[[ Stored data open ]]
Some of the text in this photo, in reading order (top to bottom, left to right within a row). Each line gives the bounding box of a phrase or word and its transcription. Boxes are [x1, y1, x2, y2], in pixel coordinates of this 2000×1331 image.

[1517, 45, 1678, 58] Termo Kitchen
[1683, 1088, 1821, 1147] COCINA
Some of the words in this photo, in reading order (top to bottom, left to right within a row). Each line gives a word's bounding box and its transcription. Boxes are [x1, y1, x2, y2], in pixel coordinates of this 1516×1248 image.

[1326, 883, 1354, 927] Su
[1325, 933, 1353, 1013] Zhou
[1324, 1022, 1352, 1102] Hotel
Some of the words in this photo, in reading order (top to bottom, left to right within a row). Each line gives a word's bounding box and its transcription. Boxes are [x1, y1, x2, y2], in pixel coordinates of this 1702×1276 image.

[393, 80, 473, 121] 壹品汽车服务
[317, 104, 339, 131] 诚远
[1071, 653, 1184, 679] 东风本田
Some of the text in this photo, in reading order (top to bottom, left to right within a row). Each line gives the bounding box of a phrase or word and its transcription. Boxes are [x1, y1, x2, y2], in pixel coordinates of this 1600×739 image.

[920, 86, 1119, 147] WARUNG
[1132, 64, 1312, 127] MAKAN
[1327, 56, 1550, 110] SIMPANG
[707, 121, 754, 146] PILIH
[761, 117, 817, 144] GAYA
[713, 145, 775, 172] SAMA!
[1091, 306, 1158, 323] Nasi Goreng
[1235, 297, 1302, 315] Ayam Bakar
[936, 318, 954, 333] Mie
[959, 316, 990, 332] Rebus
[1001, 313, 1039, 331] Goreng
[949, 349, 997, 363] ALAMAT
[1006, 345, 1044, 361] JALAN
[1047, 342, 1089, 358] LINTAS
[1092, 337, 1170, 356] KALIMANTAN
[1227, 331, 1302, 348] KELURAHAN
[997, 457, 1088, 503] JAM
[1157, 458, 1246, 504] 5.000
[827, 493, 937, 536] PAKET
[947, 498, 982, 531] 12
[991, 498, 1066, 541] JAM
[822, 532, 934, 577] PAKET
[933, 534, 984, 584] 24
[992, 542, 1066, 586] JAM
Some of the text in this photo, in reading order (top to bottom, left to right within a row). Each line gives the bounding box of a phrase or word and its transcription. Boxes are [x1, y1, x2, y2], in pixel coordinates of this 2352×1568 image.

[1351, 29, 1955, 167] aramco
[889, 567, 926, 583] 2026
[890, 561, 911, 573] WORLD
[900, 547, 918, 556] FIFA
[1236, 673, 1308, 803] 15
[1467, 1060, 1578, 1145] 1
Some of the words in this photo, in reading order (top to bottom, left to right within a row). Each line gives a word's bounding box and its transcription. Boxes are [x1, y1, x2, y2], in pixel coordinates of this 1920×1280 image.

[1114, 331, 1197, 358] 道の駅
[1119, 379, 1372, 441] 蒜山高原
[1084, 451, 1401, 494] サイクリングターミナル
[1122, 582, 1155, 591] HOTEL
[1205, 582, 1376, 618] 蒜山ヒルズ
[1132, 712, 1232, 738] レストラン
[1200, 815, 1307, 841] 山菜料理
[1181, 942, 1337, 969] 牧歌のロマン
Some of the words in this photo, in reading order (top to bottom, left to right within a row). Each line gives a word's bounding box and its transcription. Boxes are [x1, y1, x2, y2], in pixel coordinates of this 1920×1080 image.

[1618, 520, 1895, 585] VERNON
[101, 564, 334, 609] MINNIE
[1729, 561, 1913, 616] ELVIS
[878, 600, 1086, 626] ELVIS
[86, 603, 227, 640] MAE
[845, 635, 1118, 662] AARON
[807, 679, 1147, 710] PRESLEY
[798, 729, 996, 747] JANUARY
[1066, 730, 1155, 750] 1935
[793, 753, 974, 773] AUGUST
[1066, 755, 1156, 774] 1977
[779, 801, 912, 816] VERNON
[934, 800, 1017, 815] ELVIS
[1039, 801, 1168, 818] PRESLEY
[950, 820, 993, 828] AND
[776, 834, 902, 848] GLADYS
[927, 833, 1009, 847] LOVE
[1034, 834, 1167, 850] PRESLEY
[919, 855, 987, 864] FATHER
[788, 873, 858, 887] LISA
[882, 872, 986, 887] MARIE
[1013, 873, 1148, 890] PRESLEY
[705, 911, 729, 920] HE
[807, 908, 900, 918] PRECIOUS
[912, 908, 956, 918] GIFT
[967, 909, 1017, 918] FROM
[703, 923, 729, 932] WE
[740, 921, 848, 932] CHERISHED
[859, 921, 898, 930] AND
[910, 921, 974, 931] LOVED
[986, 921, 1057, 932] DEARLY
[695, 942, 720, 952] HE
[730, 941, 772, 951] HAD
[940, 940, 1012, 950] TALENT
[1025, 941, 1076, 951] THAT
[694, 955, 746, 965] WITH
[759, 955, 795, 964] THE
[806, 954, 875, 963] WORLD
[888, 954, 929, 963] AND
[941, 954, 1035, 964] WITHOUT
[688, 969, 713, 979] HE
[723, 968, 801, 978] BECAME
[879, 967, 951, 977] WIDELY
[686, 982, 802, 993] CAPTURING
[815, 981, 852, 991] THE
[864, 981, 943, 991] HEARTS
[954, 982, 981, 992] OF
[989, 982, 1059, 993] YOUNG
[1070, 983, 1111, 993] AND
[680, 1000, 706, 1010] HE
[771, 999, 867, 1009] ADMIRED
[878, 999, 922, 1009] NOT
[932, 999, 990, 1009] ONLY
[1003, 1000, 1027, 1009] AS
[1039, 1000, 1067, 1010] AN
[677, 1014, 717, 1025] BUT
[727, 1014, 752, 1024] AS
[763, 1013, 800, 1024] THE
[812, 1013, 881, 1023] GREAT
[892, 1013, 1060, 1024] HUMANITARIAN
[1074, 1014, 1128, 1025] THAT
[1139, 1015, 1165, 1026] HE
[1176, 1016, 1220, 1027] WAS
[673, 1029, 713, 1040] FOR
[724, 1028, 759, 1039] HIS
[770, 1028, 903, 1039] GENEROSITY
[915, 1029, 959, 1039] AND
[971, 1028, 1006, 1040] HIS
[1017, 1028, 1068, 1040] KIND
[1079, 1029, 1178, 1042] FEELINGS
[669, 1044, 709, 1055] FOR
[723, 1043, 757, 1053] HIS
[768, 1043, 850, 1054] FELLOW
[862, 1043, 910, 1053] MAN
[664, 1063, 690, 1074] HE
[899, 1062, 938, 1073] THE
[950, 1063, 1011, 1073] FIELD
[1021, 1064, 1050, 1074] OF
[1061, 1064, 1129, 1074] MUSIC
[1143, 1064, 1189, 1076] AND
[[ Stored data closed ]]
(Exercise goal):
Each entry is to be retyped precisely as it stands.

(Answer):
Some of the text in this photo, in reading order (top to bottom, left to right within a row). Each line gives the bounding box of a phrase or word and its transcription. Boxes are [x1, y1, x2, y2], in pixel coordinates of this 2000×1331 image.

[1517, 45, 1678, 58] Termo Kitchen
[1683, 1088, 1821, 1147] COCINA
Some of the words in this photo, in reading order (top to bottom, left to right within a row). Each line gives a word's bounding box and its transcription. Boxes are [x1, y1, x2, y2], in pixel coordinates of this 1516×1248 image.

[1326, 883, 1354, 927] Su
[1325, 933, 1353, 1013] Zhou
[1324, 1022, 1352, 1102] Hotel
Some of the words in this photo, in reading order (top to bottom, left to right within a row). Each line gives a word's bounding box and its transcription. Boxes are [x1, y1, x2, y2], in pixel coordinates of this 1702×1276 image.

[393, 80, 473, 121] 壹品汽车服务
[317, 104, 339, 131] 诚远
[1071, 653, 1184, 679] 东风本田
Some of the text in this photo, in reading order (top to bottom, left to right within a row). Each line gives the bounding box of a phrase or word and its transcription. Boxes are [x1, y1, x2, y2], in pixel coordinates of this 1600×739 image.

[920, 86, 1119, 147] WARUNG
[1132, 64, 1312, 127] MAKAN
[1327, 56, 1550, 110] SIMPANG
[707, 121, 754, 146] PILIH
[761, 117, 817, 144] GAYA
[713, 145, 775, 172] SAMA!
[1091, 306, 1158, 323] Nasi Goreng
[1235, 297, 1302, 315] Ayam Bakar
[936, 318, 954, 333] Mie
[959, 316, 990, 332] Rebus
[1001, 313, 1039, 331] Goreng
[949, 349, 997, 363] ALAMAT
[1006, 345, 1044, 361] JALAN
[1047, 342, 1089, 358] LINTAS
[1092, 337, 1170, 356] KALIMANTAN
[1227, 331, 1302, 348] KELURAHAN
[997, 457, 1088, 503] JAM
[1157, 458, 1246, 504] 5.000
[827, 493, 937, 536] PAKET
[947, 498, 982, 531] 12
[991, 498, 1066, 541] JAM
[822, 532, 934, 577] PAKET
[933, 534, 984, 584] 24
[992, 542, 1066, 586] JAM
Some of the text in this photo, in reading order (top to bottom, left to right within a row). Each line gives the bounding box of a phrase or word and its transcription. Boxes are [x1, y1, x2, y2], in pixel coordinates of this 2352×1568 image.

[1351, 29, 1955, 167] aramco
[889, 567, 926, 583] 2026
[890, 561, 911, 573] WORLD
[900, 547, 918, 556] FIFA
[1236, 673, 1308, 803] 15
[1467, 1060, 1578, 1145] 1
Some of the words in this photo, in reading order (top to bottom, left to right within a row). Each line gives a word's bounding box and its transcription. Boxes are [x1, y1, x2, y2], in pixel coordinates of this 1920×1280 image.

[1114, 331, 1197, 358] 道の駅
[1119, 379, 1372, 441] 蒜山高原
[1084, 451, 1401, 494] サイクリングターミナル
[1122, 582, 1155, 591] HOTEL
[1205, 582, 1376, 618] 蒜山ヒルズ
[1132, 712, 1232, 738] レストラン
[1200, 815, 1307, 841] 山菜料理
[1181, 942, 1337, 969] 牧歌のロマン
Some of the words in this photo, in reading order (top to bottom, left to right within a row). Each line gives a word's bounding box and its transcription. Boxes are [x1, y1, x2, y2], in pixel coordinates of this 1920×1080 image.

[1618, 520, 1895, 585] VERNON
[101, 564, 334, 609] MINNIE
[1729, 561, 1913, 616] ELVIS
[878, 600, 1086, 626] ELVIS
[86, 603, 227, 640] MAE
[845, 635, 1118, 662] AARON
[807, 679, 1147, 710] PRESLEY
[798, 729, 996, 747] JANUARY
[1066, 730, 1155, 750] 1935
[793, 753, 974, 773] AUGUST
[1066, 755, 1156, 774] 1977
[779, 801, 912, 816] VERNON
[934, 800, 1017, 815] ELVIS
[1039, 801, 1168, 818] PRESLEY
[950, 820, 993, 828] AND
[776, 834, 902, 848] GLADYS
[927, 833, 1009, 847] LOVE
[1034, 834, 1167, 850] PRESLEY
[919, 855, 987, 864] FATHER
[788, 873, 858, 887] LISA
[882, 872, 986, 887] MARIE
[1013, 873, 1148, 890] PRESLEY
[705, 911, 729, 920] HE
[807, 908, 900, 918] PRECIOUS
[912, 908, 956, 918] GIFT
[967, 909, 1017, 918] FROM
[703, 923, 729, 932] WE
[740, 921, 848, 932] CHERISHED
[859, 921, 898, 930] AND
[910, 921, 974, 931] LOVED
[986, 921, 1057, 932] DEARLY
[695, 942, 720, 952] HE
[730, 941, 772, 951] HAD
[940, 940, 1012, 950] TALENT
[1025, 941, 1076, 951] THAT
[694, 955, 746, 965] WITH
[759, 955, 795, 964] THE
[806, 954, 875, 963] WORLD
[888, 954, 929, 963] AND
[941, 954, 1035, 964] WITHOUT
[688, 969, 713, 979] HE
[723, 968, 801, 978] BECAME
[879, 967, 951, 977] WIDELY
[686, 982, 802, 993] CAPTURING
[815, 981, 852, 991] THE
[864, 981, 943, 991] HEARTS
[954, 982, 981, 992] OF
[989, 982, 1059, 993] YOUNG
[1070, 983, 1111, 993] AND
[680, 1000, 706, 1010] HE
[771, 999, 867, 1009] ADMIRED
[878, 999, 922, 1009] NOT
[932, 999, 990, 1009] ONLY
[1003, 1000, 1027, 1009] AS
[1039, 1000, 1067, 1010] AN
[677, 1014, 717, 1025] BUT
[727, 1014, 752, 1024] AS
[763, 1013, 800, 1024] THE
[812, 1013, 881, 1023] GREAT
[892, 1013, 1060, 1024] HUMANITARIAN
[1074, 1014, 1128, 1025] THAT
[1139, 1015, 1165, 1026] HE
[1176, 1016, 1220, 1027] WAS
[673, 1029, 713, 1040] FOR
[724, 1028, 759, 1039] HIS
[770, 1028, 903, 1039] GENEROSITY
[915, 1029, 959, 1039] AND
[971, 1028, 1006, 1040] HIS
[1017, 1028, 1068, 1040] KIND
[1079, 1029, 1178, 1042] FEELINGS
[669, 1044, 709, 1055] FOR
[723, 1043, 757, 1053] HIS
[768, 1043, 850, 1054] FELLOW
[862, 1043, 910, 1053] MAN
[664, 1063, 690, 1074] HE
[899, 1062, 938, 1073] THE
[950, 1063, 1011, 1073] FIELD
[1021, 1064, 1050, 1074] OF
[1061, 1064, 1129, 1074] MUSIC
[1143, 1064, 1189, 1076] AND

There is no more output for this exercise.